In 1979, Jenkins was convicted in Greenwood, South Carolina, of conspiracy to assault two men and of plotting the arson of two homes. Jenkins was sentenced to 20 years in prison, with eight years suspended, for the incident. In 1994, he was arrested for grand theft, but the charges were soon dropped when he agreed to pay restitution. In 2001, his marriage to a 77-year-old widow, a black woman who had recently hit the Ohio Lottery jackpot for $6,000,000, was annulled by a judge in Delaware, Ohio.

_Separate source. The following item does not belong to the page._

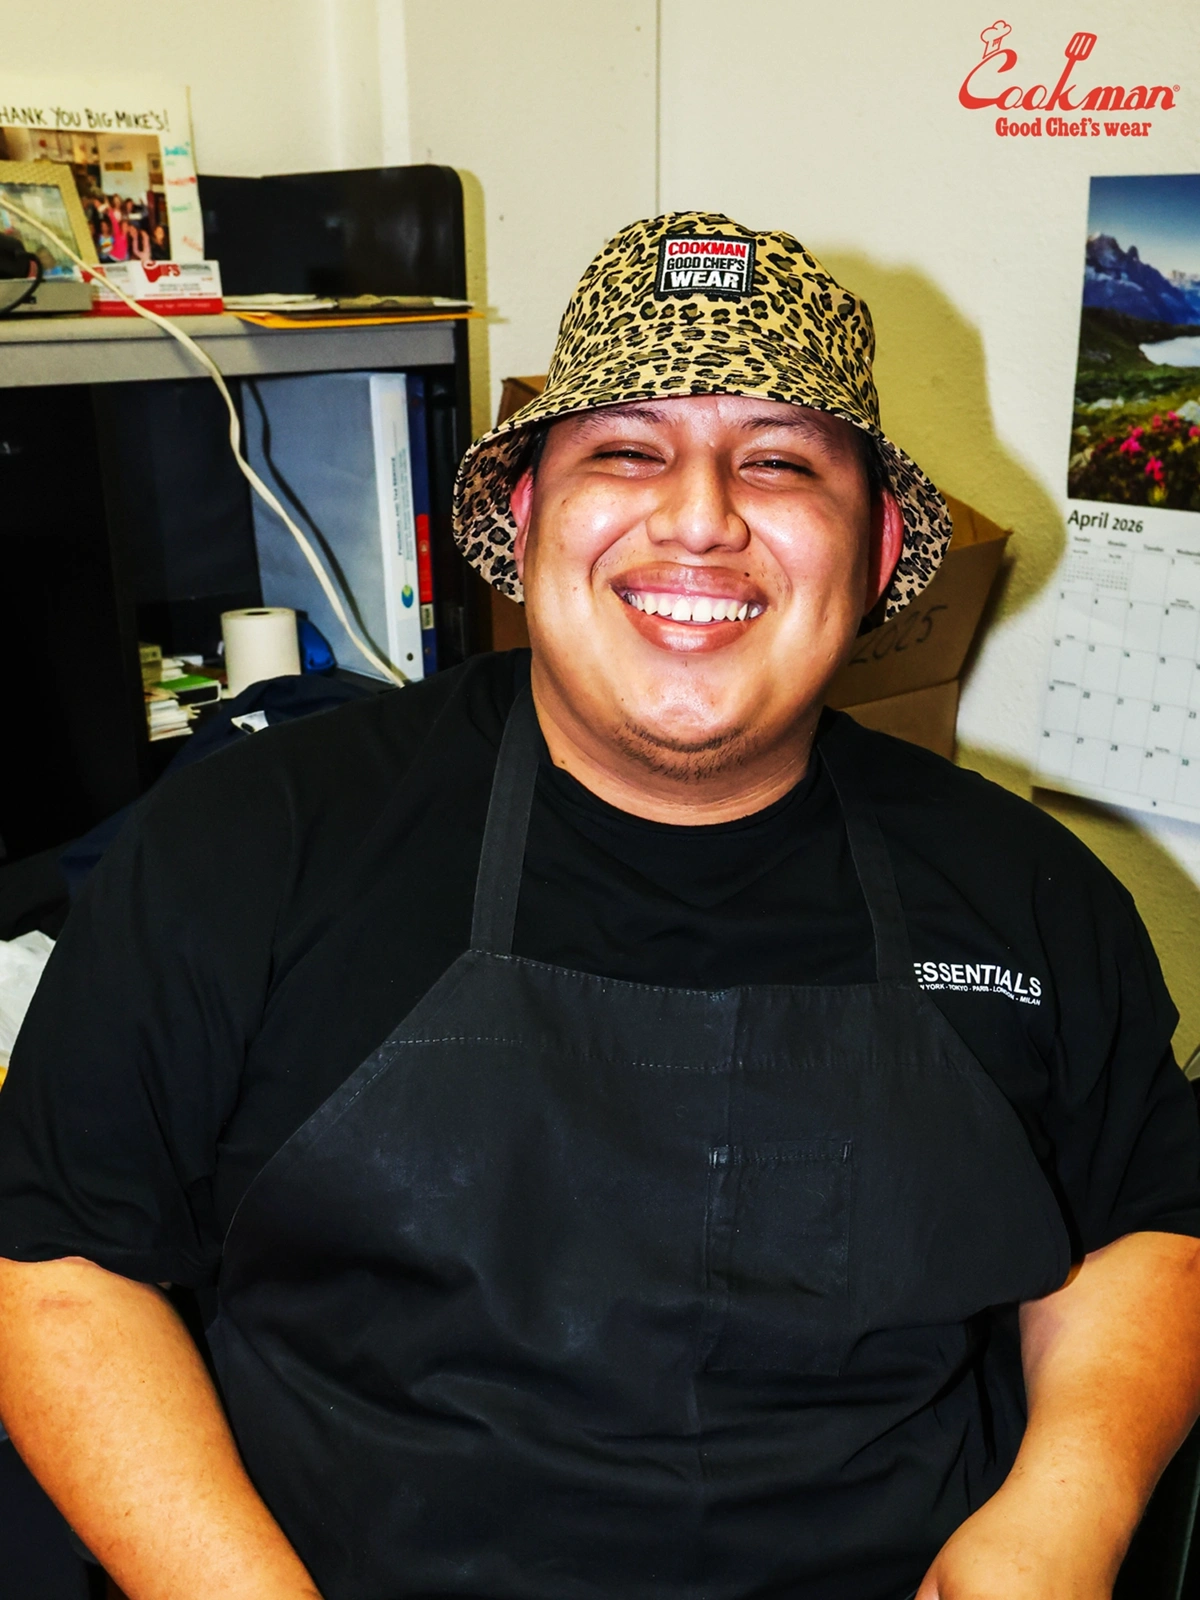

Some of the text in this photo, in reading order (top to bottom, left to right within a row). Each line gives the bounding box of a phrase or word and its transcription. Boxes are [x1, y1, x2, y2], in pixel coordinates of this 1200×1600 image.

The legal guardian of Eloise Thomas, whose husband had died just three weeks before the marriage to Jenkins, former Ohio state senator Ben Espy, claimed on behalf of the woman's family that Thomas was incompetent and therefore incapable of knowing what she was doing when she attempted to marry Jenkins. Jenkins has repeatedly denied accusations that he was attempting to marry the woman for the sake of her net worth, which was estimated at $4,000,000.

In 2002, a film was released about his life, entitled The Calling (released on video as Man of Faith).

As of March 2011, Jenkins's ministry was based in Scottsdale, Arizona.

Jenkins released several Gospel albums over the course of his ministry career.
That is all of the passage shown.